Fresh Finishing Touches

  • ¼ cup fresh parsley, chopped
  • 2 green onions, sliced thin

Instructions

  1. Season Chicken: Pat chicken pieces dry and season generously with salt, pepper, and paprika. Let sit for 5 minutes while you prep other ingredients – this helps the seasoning stick better.
  2. Sear Chicken: Heat olive oil in a large skillet over medium-high heat. Add chicken pieces and cook until golden brown, about 5-6 minutes. Don’t worry about cooking through completely yet.
  3. Build Base: Push chicken to one side of pan. Add butter, minced garlic, and diced onion to empty space. Sauté until fragrant and onion is translucent, about 3 minutes.
  4. Add Liquids: Stir in orzo, chicken broth, milk, and oregano. Bring to a gentle boil, then reduce heat to medium-low. The liquid should just barely bubble around the edges.
  5. Simmer Together: Cover and simmer for 12-15 minutes, stirring occasionally, until orzo is tender and liquid is mostly absorbed. If it looks dry, add a splash more broth.
  6. Melt Cheese: Remove from heat and stir in cream cheese until smooth, then add cheddar cheese gradually. Stir until melted and creamy.
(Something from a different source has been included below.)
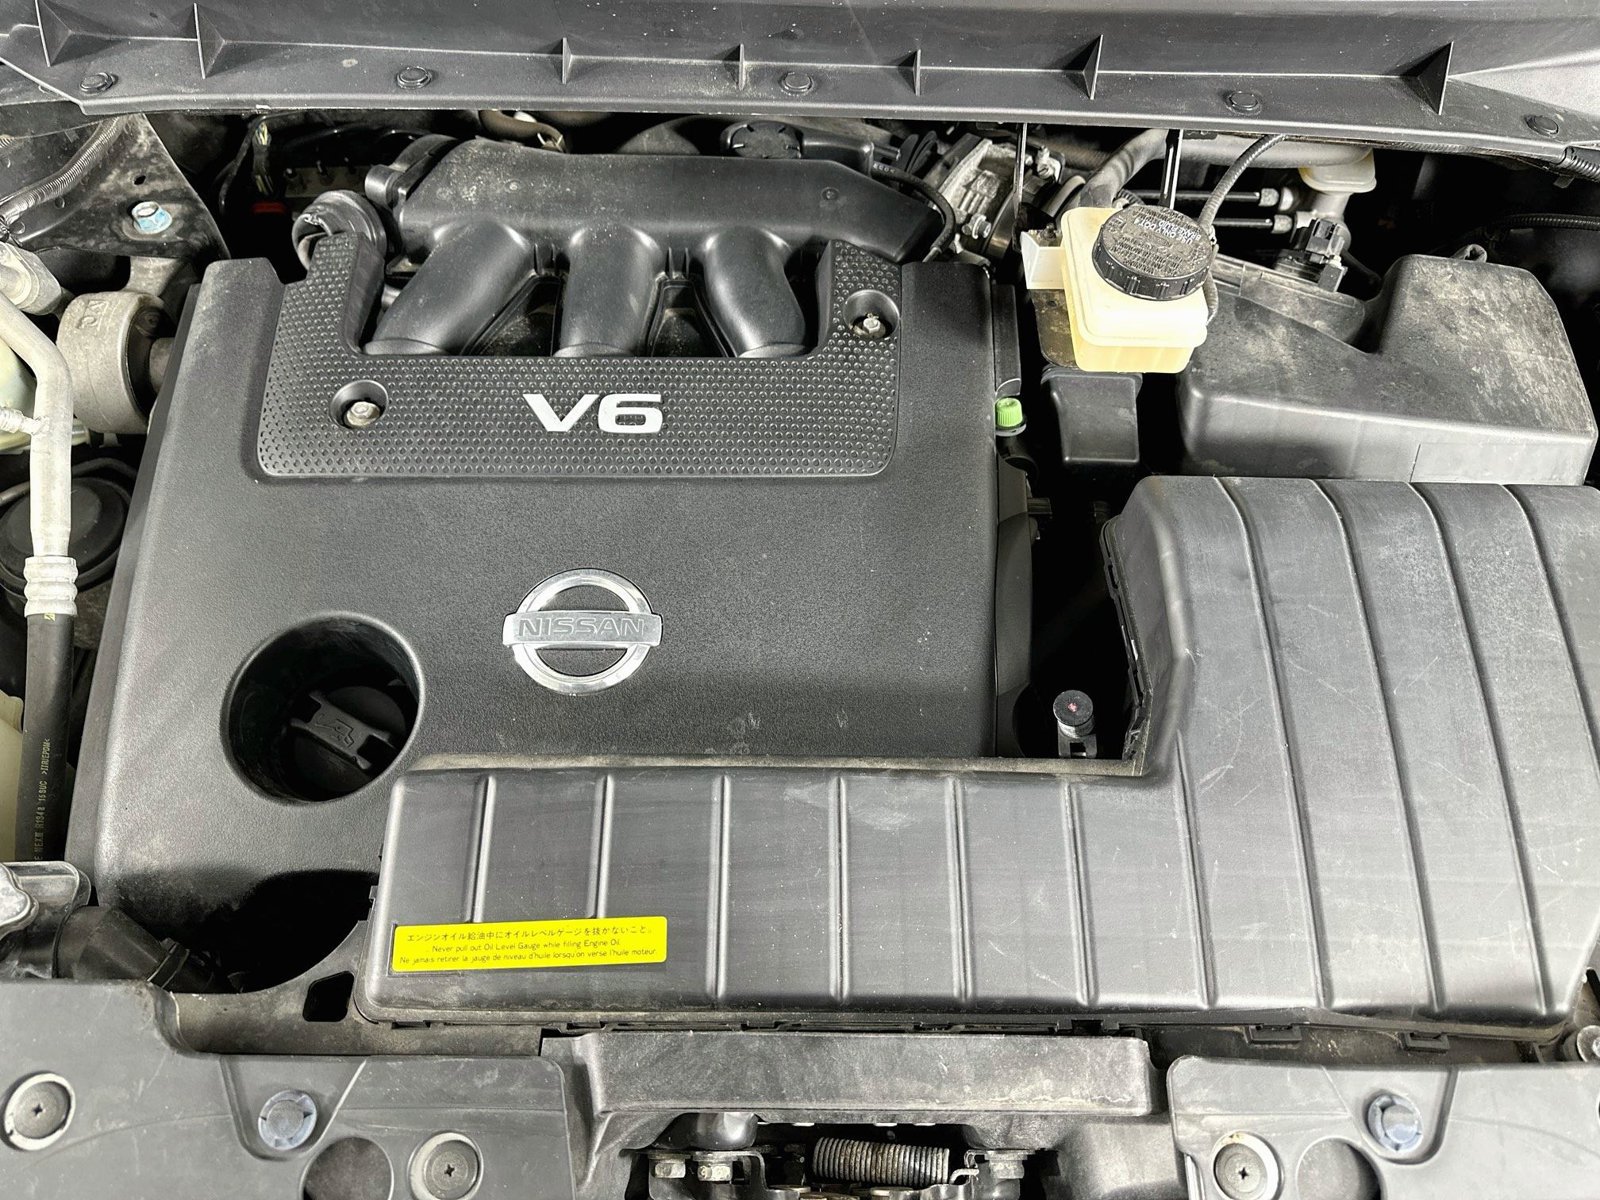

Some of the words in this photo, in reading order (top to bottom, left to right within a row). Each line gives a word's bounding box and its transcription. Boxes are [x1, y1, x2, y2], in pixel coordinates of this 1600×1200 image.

Taste and adjust seasoning as needed.
  7. Finish Dish: Sprinkle with fresh parsley and green onions. Let rest for 2-3 minutes to thicken slightly before serving. The sauce will continue to thicken as it cools.

Notes

  • Don’t add cheese while pan is still on heat or it will become grainy and break.
  • Freshly grated cheddar melts much better than pre-shredded cheese.
  • Orzo will continue to absorb liquid as it sits, so sauce may thicken upon standing.
  • This reheats beautifully with a splash of milk or broth to loosen the sauce.
  • Feel free to add frozen peas or spinach in the last few minutes of cooking.
  • Leftovers keep in the refrigerator for up to 4 days in an airtight container.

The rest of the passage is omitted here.